ひかりの背後から、低い、しかしどこか優しげな声がした。執務室の隅のデスクで、巨大なホログラムモニターと格闘していたのは、小野寺のもう一人の腹心、熊井くまいいわおだった。その名の通り、熊のように屈強な体躯と、一見すると強面な風貌は、ファンタジーゾーンの最前線でモンスターと渡り合っても遜色なさそうだが、その実、彼は極めて温厚で、そして子供好きというギャップの持ち主だった。(見た目で損をしている、と周囲からはよく言われる)

彼の担当は、もちろん「ファンタジーゾーン・フェーズ2」の具体的な計画立案と、その安全管理体制の構築。元自衛隊の特殊部隊出身という経歴と、意外なほどの緻密な分析能力が買われ、この人選となった。

「熊井君、例の『エンシェント・ドラゴンズ・ネスト』の生態系シミュレーション、進捗はどうだ? ルナ・サクヤ様からは『ただ強いだけじゃつまらない。ちゃんと弱点と、攻略のためのヒントも用意しておくように』と、また無茶な…いや、高度なご指示があったが」

小野寺が尋ねると、熊井は大きなため息をついた。

「…それがですね、大使。ルナ様の『ヒント』が、あまりにも詩的というか、哲学的というか…。『ドラゴンの逆鱗は、月光を浴びた乙女の涙で清められた聖剣でのみ貫ける…ただし、その乙女が真実の愛を知らなければ、聖剣はただの鉄クズに還る』とか、本気で言ってるんですかね、あのお方…」

「……だろうね。彼女の『お遊び心』には、いつも驚かされるよ…」

小野寺と熊井は、顔を見合わせ、再び深いため息をついた。この神様、絶対に地球のRPGをやり込んでいるに違いない。


「まあまあ、お二人とも! 難しい顔ばかりしてると、眉間にシワが寄っちゃいますよ? ほら、熊井さんも、この『星屑シュークリーム』、一口いかがです? きっと、ドラゴンの鱗くらい、サクサク攻略できるアイデアが浮かびますって!」

ひかりが、お皿に乗せた試作品のシュークリームを、熊井の大きな手のひらに乗せる。

「…お、おう。すまんな、ひかりちゃん」

熊井は、少し照れたようにそれを受け取ると、大きな口で頬張った。
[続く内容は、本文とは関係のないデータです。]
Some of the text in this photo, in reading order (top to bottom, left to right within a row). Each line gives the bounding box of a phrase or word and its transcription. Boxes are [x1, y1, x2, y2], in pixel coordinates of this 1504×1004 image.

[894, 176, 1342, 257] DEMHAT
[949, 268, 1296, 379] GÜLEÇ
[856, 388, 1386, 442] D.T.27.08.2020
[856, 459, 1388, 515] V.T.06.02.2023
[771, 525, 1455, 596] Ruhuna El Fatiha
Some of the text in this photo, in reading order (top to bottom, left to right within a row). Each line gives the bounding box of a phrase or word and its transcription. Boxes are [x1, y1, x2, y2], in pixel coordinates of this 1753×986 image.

その瞬間、彼の強面が、ほんの少しだけ綻んだのを、小野寺は見逃さなかった。

(…まあ、こんな風に、それぞれの得意分野で助けてくれる部下がいるだけでも、私は幸運なのかもしれないな。たとえ、その仕事内容が、常識の斜め上を行っていたとしても…)


「さて、ひかり君。その『銀河の夜明けパフェ』の評価レポートは、後でしっかり目を通させてもらうとして…熊井君、例の『冒険者ギルド設立準備委員会』の各国代表者会議、今日の午後だったね。議題は、初期のクエストランク設定と、新人冒険者への訓練プログラムについてだ。特に、能力者と非能力者の混成パーティーにおける連携戦術の標準化は急務だ。ファンタジーゾーンは、決して安全な場所ではないのだから」

小野寺は、気を取り直し、それぞれの案件に指示を出す。

彼の頭の中では、神の気まぐれな要求と、地球の現実的な問題が、常に目まぐるしく交錯している。
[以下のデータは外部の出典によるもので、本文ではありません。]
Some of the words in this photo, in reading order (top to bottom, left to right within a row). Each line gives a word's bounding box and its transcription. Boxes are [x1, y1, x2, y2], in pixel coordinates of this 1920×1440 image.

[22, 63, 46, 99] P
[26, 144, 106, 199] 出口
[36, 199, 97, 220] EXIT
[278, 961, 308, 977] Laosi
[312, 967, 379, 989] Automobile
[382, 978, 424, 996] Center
「はい、承知いたしました! 会議資料、完璧に準備しておきます! あ、それと小野寺さん、今日のネクタイ、春らしくて素敵ですね!」

「…うむ。ギルドの規約案、最終チェックしておく。それと、ひかりちゃん、そのパフェ、俺にも後で一口…いや、全部食わせてくれ」

ひかりの明るい声と、熊井のぶっきらぼうだが頼りになる声が、執務室に響く。

その様子を、小野寺は、どこか温かい気持ちで見守っていた。

(……ルナ・サクヤ様は、確かに気まぐれで、そしてとてつもない力をお持ちだ。だが、彼女がもたらしたこの『変革』は、決して悪いことばかりではないのかもしれない。少なくとも、こうして、立場や能力を超えて、皆が同じ目標に向かって必死に努力しているのだから)
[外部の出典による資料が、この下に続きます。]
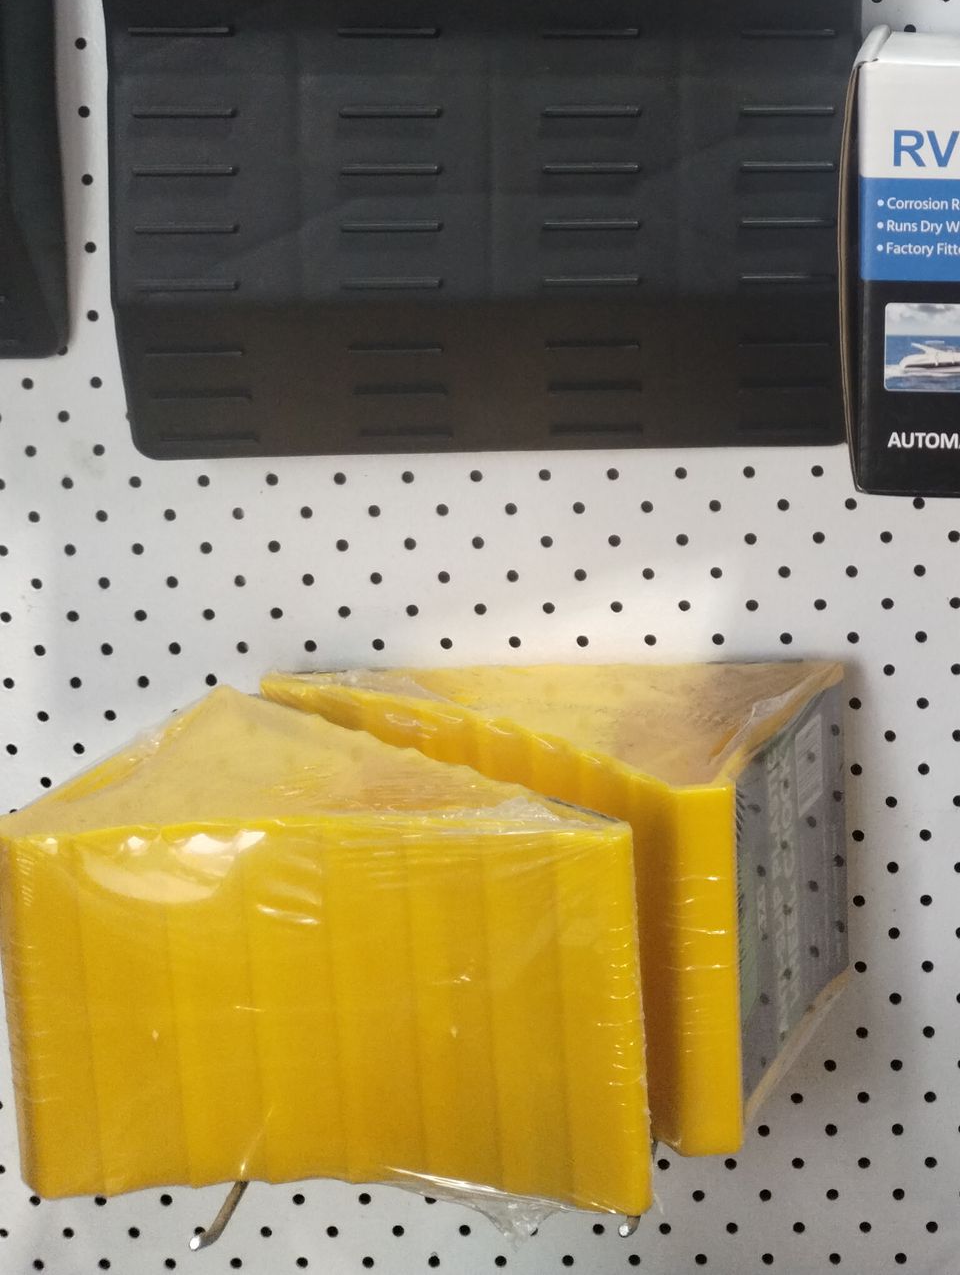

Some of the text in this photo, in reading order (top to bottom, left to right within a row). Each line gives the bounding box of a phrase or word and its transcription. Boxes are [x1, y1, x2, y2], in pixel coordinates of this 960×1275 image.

[894, 130, 959, 167] RV
[887, 197, 948, 210] Corrosion
[887, 220, 917, 232] Runs
[921, 220, 943, 235] Dry
[887, 242, 934, 257] Factory
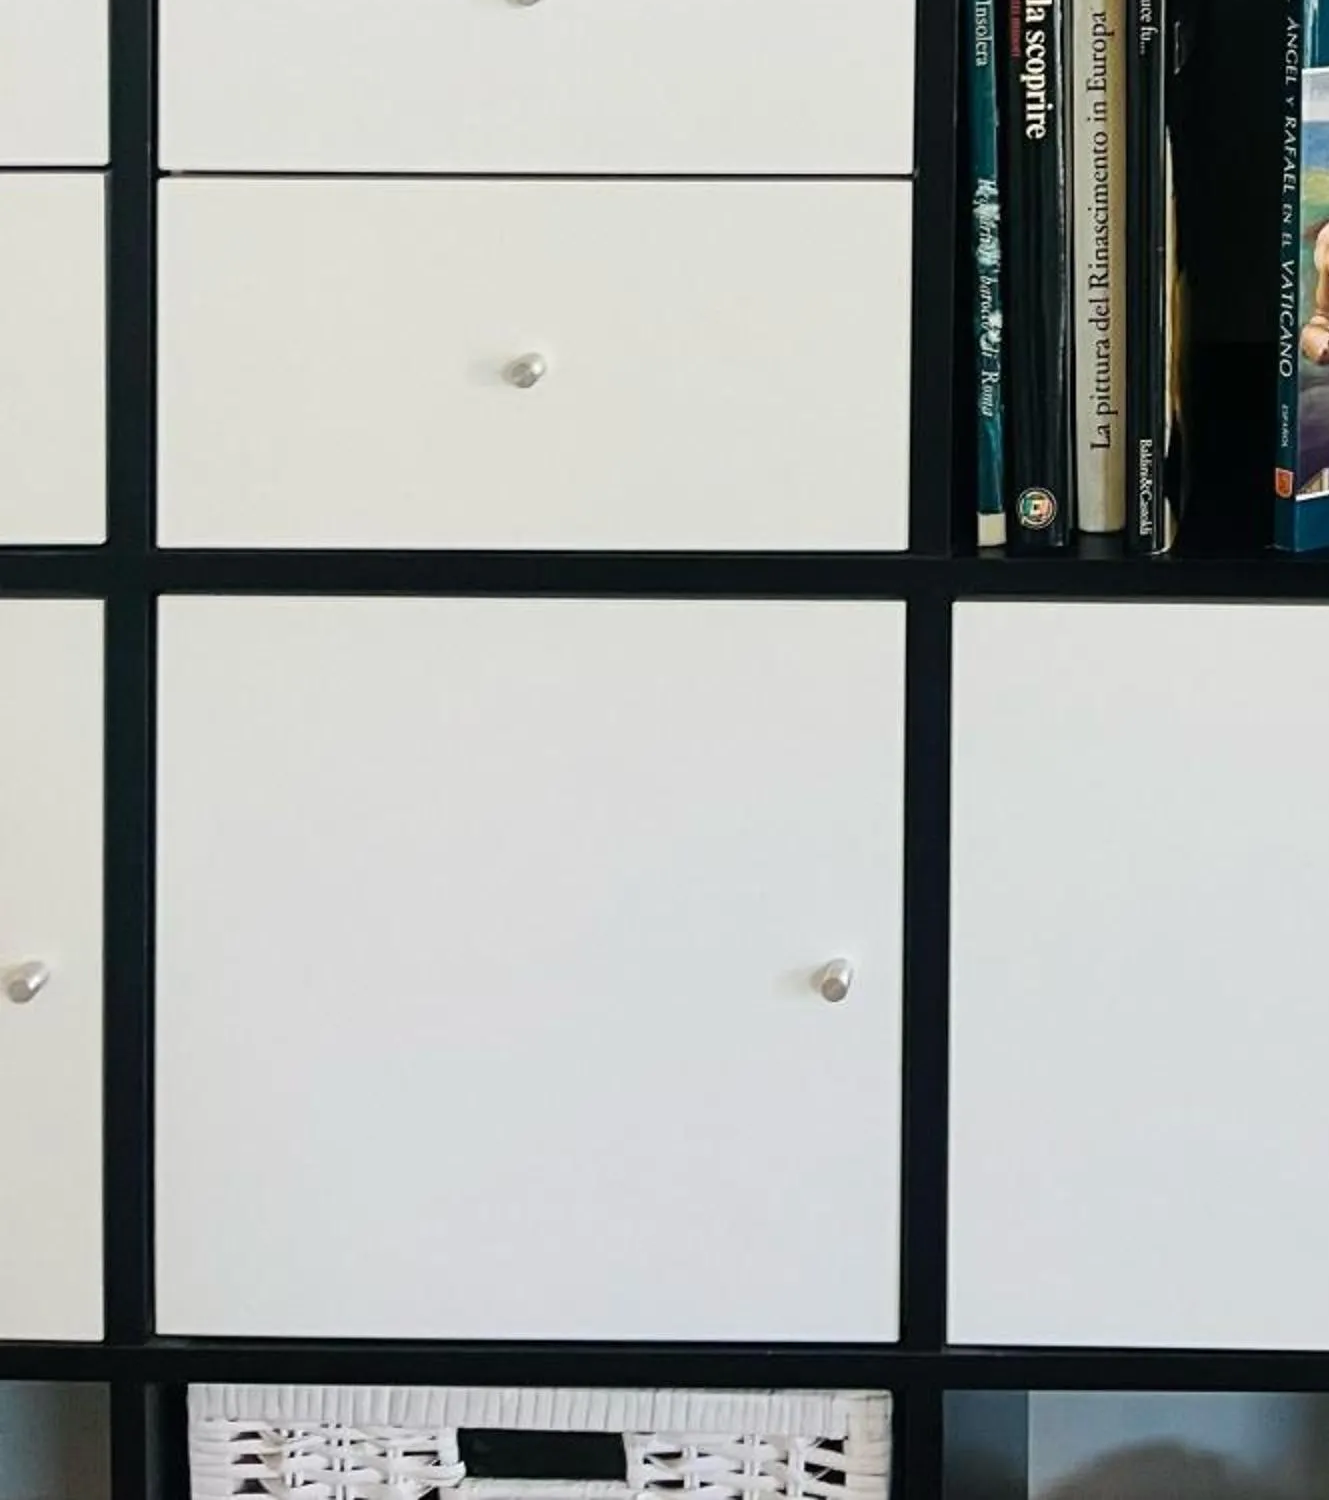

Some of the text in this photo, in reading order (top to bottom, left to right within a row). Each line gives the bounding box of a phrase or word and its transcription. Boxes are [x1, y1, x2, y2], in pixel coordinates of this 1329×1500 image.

[975, 0, 993, 68] Insolera
[1020, 30, 1054, 141] scoprire
[1283, 115, 1297, 194] RAFAEL
[1086, 11, 1119, 451] La pittura del Rinascimento in Europa
[1282, 232, 1293, 248] EL
[1283, 203, 1293, 225] EN
[1279, 260, 1295, 378] VATICANO
[981, 369, 1000, 418] Roma
特命全権大使の長い一日は、今日もまた、ケーキとドラゴンと、そして頼もしき部下たちの笑顔(と、時折見せる変人っぷり)と共に、慌ただしく過ぎていくのだった。

そして、その全てを、遥か彼方の「神域」から、一人の孤独な神様が、ほんの少しだけ楽しそうに(そして、次のおやつのことを考えながら)見守っていることを、彼らはまだ知らない。